Publication

04 September 2024

Marijuana Reform Delayed Past November Election

Hopes for the marijuana rescheduling decision to be finalized before the November election have been dashed. DEA Administrator Anne Milgram has signed a notice of proposed rulemaking (NPRM), adding an additional procedural step to the DOJ’s move to reschedule marijuana from Schedule I to Schedule III, pushing the decision past the November election. As requested by supporters and opponents alike, the hearing will allow experts to weigh in on all sides of the matter in accordance with 21 U.S.C. 811 & 812.

The NPRM states, “if the transfer to schedule III is finalized, the regulatory controls applicable to schedule III controlled substances would apply, as appropriate, along with existing marijuana-specific requirements and any additional controls that might be implemented, including those that might be implemented to meet U.S. treaty obligations. If marijuana is transferred into schedule III, the manufacture, distribution, dispensing, and possession of marijuana would remain subject to the applicable criminal prohibitions of the CSA. Any drugs containing a substance within the CSA’s definition of ‘marijuana’ would also remain subject to the applicable prohibition in the Federal Food, Drug, and Cosmetic Act (FDCA).”

The December 2nd hearing casts doubt over the timeline for rescheduling, adding to concerns that the rulemaking might not be finalized before January. A change in administration following the November election could also jeopardize rescheduling altogether.

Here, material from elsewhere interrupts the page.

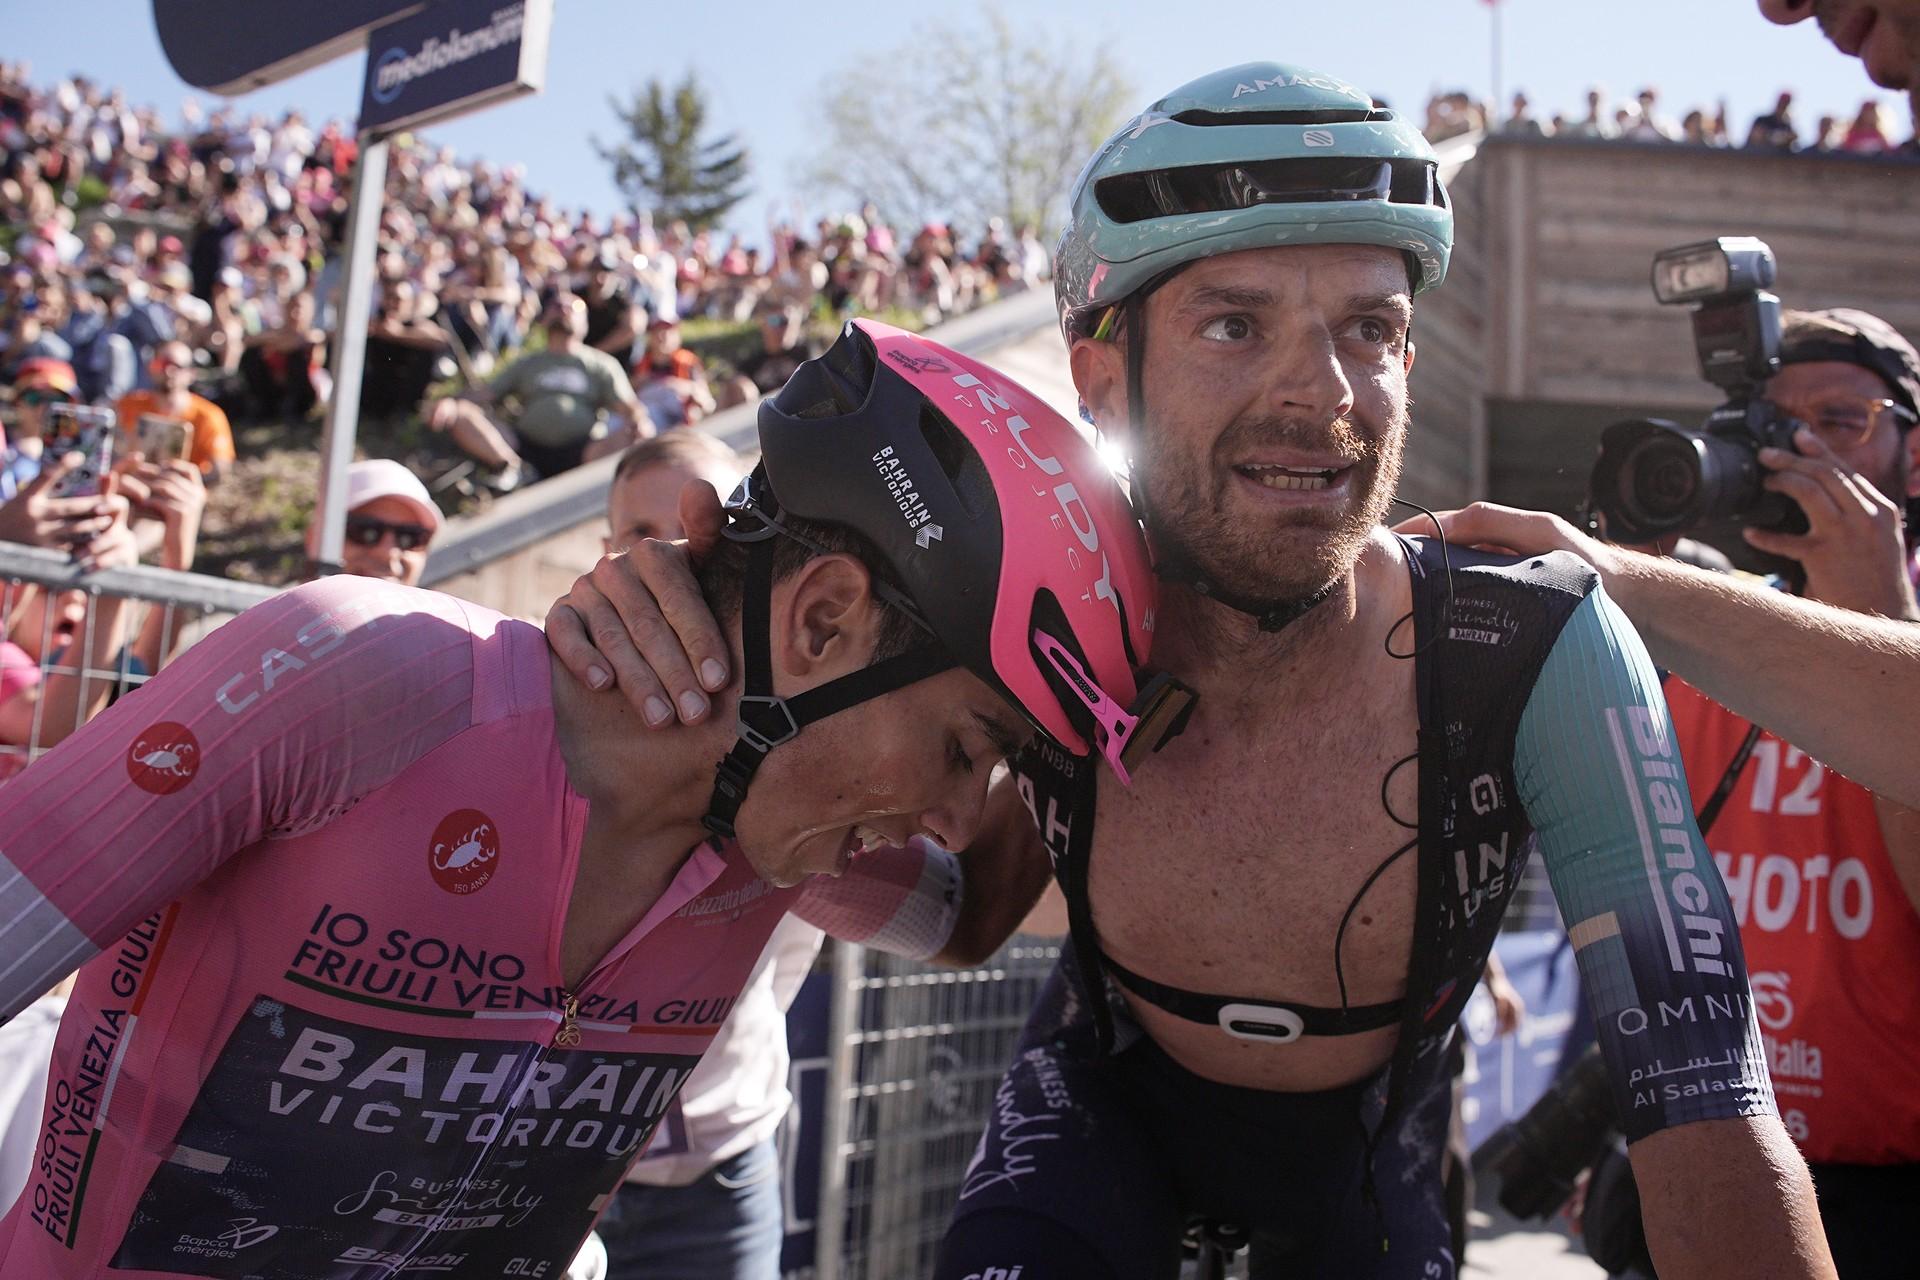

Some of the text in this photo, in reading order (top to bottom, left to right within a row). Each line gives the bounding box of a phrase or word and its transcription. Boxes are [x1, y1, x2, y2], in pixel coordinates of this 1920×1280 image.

Interested parties, including “any person adversely affected or aggrieved by any rule or proposed rule issuable,” need to submit a written “desire to participate” no later than 30 days after the notice is published. After the deadline, Milgram will review the submissions, decide on the participants, and designate a presiding officer who will have numerous authorities including the power to make sure the hearing is handled expeditiously, sign and issue subpoenas for information necessary to conduct the hearing…and take any action permitted under the DEA hearing procedures.

The presiding officer will admit as evidence, comments on, or objections to the proposed rule, but only if it “is competent, relevant, material, and not duly repetitive.”